Pkgndep: a tool for analyzing dependency heaviness of R packages

Zuguang Gu; Daniel Hübschmann

doi:10.1093/bioinformatics/btac449

. 2022 Jul 8;38(17):4248–4251. doi: 10.1093/bioinformatics/btac449

Pkgndep: a tool for analyzing dependency heaviness of R packages

Zuguang Gu ^1,^✉, Daniel Hübschmann ^2,^3,^4,^5,^✉

Editor: Jonathan Wren

PMCID: PMC9438947 PMID: 35801905

Abstract

Summary

Numerous R packages have been developed for bioinformatics analysis in the last decade and dependencies among packages have become critical issues to consider. In this work, we proposed a new metric named dependency heaviness that measures the number of dependencies that a parent uniquely brings to a package and we proposed possible solutions for reducing the complexity of dependencies by optimizing the use of heavy parents. We implemented the metric in a new R package pkgndep which provides an intuitive way for dependency heaviness analysis. Based on pkgndep, we additionally performed a global analysis of dependency heaviness on CRAN and Bioconductor ecosystems and we revealed top packages that have significant contributions of high dependency heaviness to their child packages.

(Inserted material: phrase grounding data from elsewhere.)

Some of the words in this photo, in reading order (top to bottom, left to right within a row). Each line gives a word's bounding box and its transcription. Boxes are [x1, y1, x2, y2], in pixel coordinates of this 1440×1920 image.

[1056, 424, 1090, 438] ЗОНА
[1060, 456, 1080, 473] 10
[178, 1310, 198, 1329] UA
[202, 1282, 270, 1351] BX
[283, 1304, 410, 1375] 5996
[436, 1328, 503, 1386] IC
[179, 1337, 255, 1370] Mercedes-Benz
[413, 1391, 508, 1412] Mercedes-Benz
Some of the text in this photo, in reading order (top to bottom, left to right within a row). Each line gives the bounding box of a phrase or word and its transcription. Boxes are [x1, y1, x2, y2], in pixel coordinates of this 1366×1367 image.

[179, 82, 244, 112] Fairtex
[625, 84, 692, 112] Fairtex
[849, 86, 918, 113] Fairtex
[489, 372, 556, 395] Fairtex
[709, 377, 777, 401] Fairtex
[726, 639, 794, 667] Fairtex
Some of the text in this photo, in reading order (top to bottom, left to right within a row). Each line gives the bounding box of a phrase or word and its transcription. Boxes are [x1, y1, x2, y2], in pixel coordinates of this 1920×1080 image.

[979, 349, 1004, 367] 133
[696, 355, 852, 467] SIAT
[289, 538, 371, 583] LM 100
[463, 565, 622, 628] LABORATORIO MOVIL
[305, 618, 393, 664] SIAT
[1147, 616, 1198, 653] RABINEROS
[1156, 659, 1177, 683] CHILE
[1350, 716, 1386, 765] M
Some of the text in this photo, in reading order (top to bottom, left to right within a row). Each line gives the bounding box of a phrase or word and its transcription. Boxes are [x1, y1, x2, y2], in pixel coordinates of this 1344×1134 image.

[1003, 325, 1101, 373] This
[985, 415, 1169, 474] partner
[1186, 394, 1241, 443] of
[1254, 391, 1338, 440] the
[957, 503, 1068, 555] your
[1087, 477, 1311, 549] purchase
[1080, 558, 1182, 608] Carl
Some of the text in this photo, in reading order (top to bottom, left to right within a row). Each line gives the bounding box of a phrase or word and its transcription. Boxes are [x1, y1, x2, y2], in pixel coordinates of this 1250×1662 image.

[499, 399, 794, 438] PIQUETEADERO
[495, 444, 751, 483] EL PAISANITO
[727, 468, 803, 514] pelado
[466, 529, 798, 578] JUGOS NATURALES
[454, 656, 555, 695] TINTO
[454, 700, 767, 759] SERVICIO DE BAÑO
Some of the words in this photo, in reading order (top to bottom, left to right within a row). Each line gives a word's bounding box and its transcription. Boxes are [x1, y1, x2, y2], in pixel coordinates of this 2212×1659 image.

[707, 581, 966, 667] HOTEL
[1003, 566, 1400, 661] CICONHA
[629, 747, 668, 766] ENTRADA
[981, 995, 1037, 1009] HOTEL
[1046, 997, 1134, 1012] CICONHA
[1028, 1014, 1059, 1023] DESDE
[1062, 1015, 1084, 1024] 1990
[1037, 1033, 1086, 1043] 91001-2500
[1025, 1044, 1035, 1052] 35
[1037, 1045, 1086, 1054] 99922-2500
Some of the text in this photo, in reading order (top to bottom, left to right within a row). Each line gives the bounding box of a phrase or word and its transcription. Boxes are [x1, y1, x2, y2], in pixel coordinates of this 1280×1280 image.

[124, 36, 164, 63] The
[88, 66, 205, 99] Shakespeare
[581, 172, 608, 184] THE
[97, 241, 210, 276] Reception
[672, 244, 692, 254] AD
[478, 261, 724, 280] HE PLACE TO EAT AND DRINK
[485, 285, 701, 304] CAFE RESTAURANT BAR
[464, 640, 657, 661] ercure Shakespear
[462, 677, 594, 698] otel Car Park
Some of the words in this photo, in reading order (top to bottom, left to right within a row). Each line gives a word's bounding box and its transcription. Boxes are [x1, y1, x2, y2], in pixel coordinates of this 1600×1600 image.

Availability and implementation

The package pkgndep and documentations are freely available from the Comprehensive R Archive Network https://cran.r-project.org/package=pkgndep. The dependency heaviness analysis for all 22 076 CRAN and Bioconductor packages retrieved on June 8, 2022 are available at https://pkgndep.github.io/.

Supplementary information

Supplementary data are available at Bioinformatics online.

1 Introduction

Reliable and robust software is essential for data analysis in bioinformatics research. In the last decade, R has rapidly become a major programming language for developing software for biological data analysis, including data processing and visualization, statistical modeling, interactive web application development and reproducible report generation. It is applied in broad research fields of genomics, transcriptomics, epigenomics, proteomics, metabolomics and more. Reusable and extensible code is normally organized in forms of R packages, which are distributed on public repositories such as the Comprehensive R Archive Network (CRAN) and Bioconductor. Publications describing R packages have also been increasing. By June 8, 2022, using search term ‘(R package [Title]) OR Bioconductor [Title/Abstract]’ on PubMed resulted in 2605 publications. Dependencies always exist in packages where a package imports functionalities from other packages. As the numbers of R packages increase, dependencies among packages become even more complicated. By June 8, 2022, there are 194 351 direct dependency relations among in total 18 638 and 3438 packages from CRAN and Bioconductor, respectively.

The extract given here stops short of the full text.